Repeat the listing exactly as given, omitting every image.
Top of RECORDS FOR THIS EXERCISE
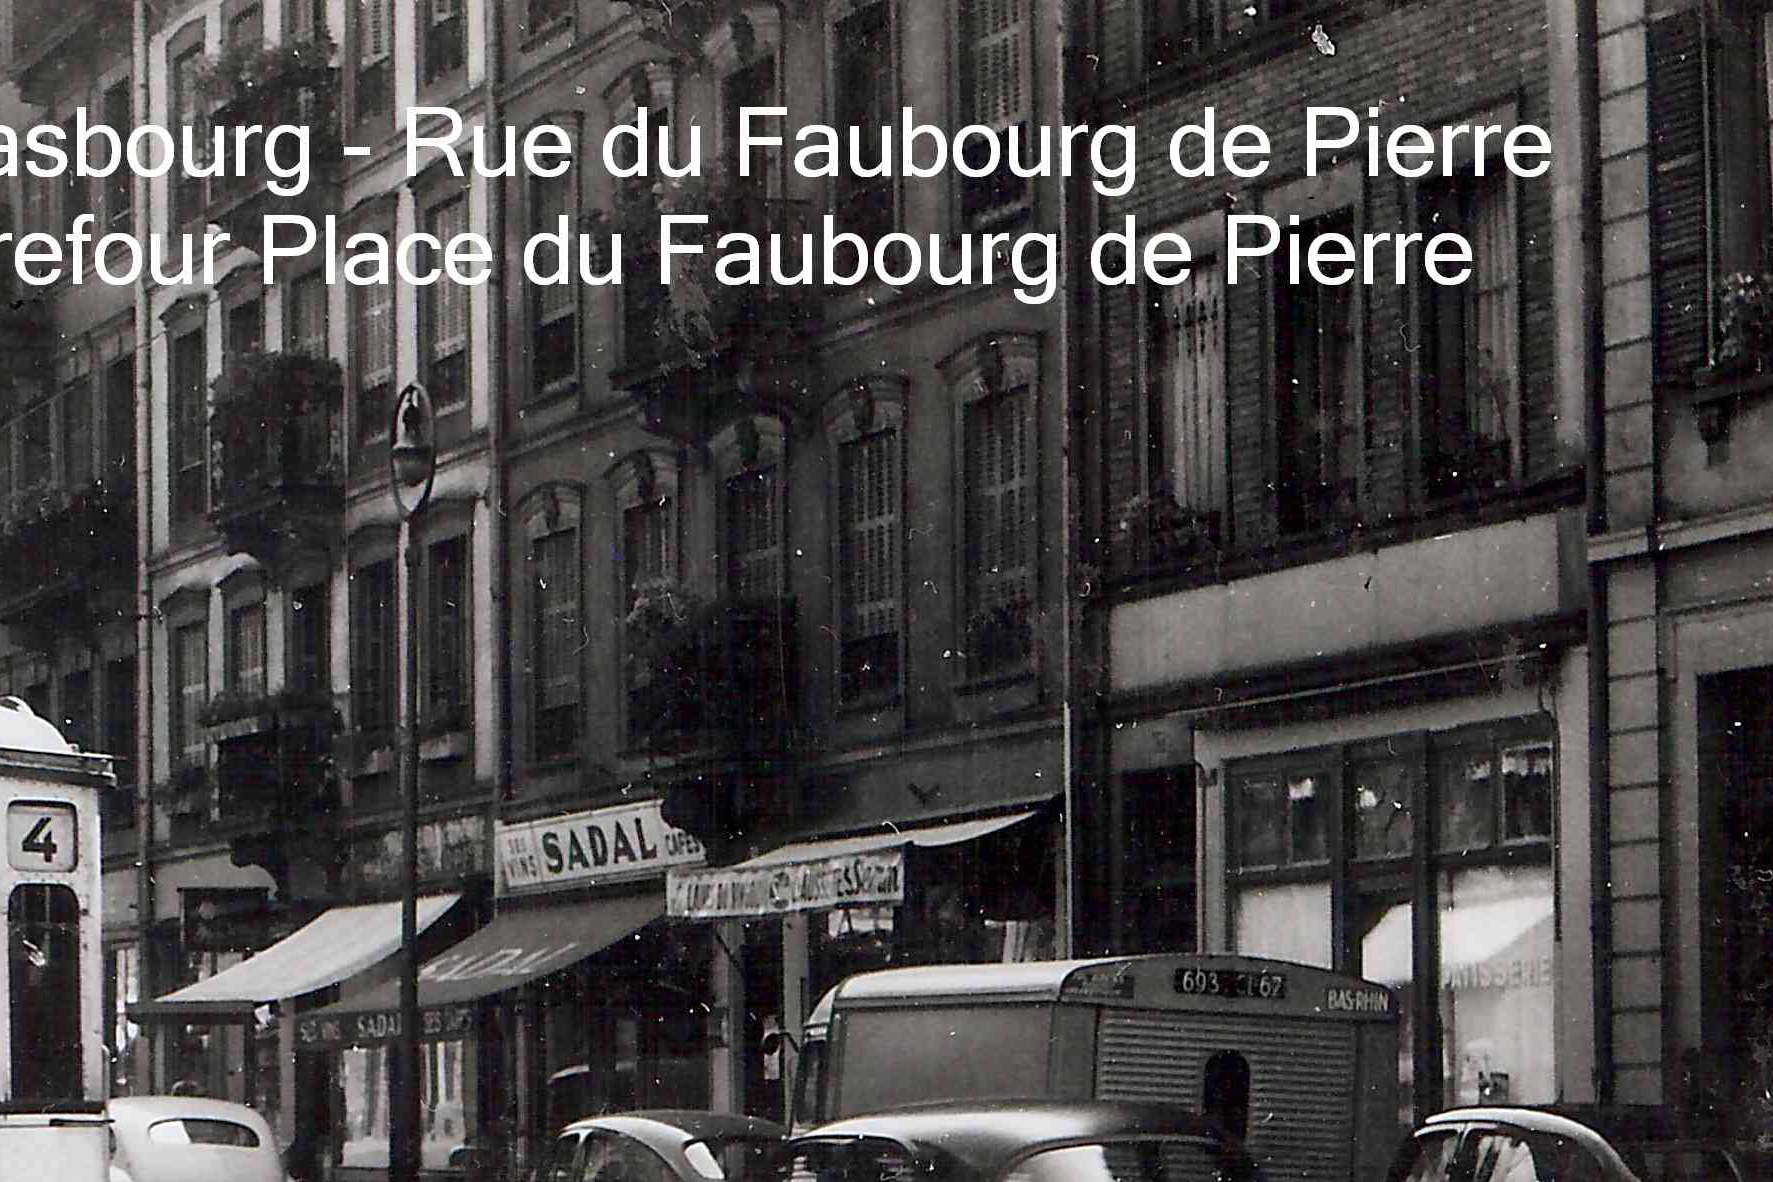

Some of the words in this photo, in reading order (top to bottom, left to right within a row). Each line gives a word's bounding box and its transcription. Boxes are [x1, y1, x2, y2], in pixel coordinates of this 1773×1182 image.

[21, 816, 59, 864] 4
[541, 816, 658, 875] SADAL
[1182, 969, 1220, 994] 693
[1259, 974, 1283, 998] 67
Bottom of RECORDS FOR THIS EXERCISE
◆ RESULT OF THIS TASK
Some of the words in this photo, in reading order (top to bottom, left to right within a row). Each line gives a word's bounding box and its transcription. Boxes are [x1, y1, x2, y2], in pixel coordinates of this 1773×1182 image.

[21, 816, 59, 864] 4
[541, 816, 658, 875] SADAL
[1182, 969, 1220, 994] 693
[1259, 974, 1283, 998] 67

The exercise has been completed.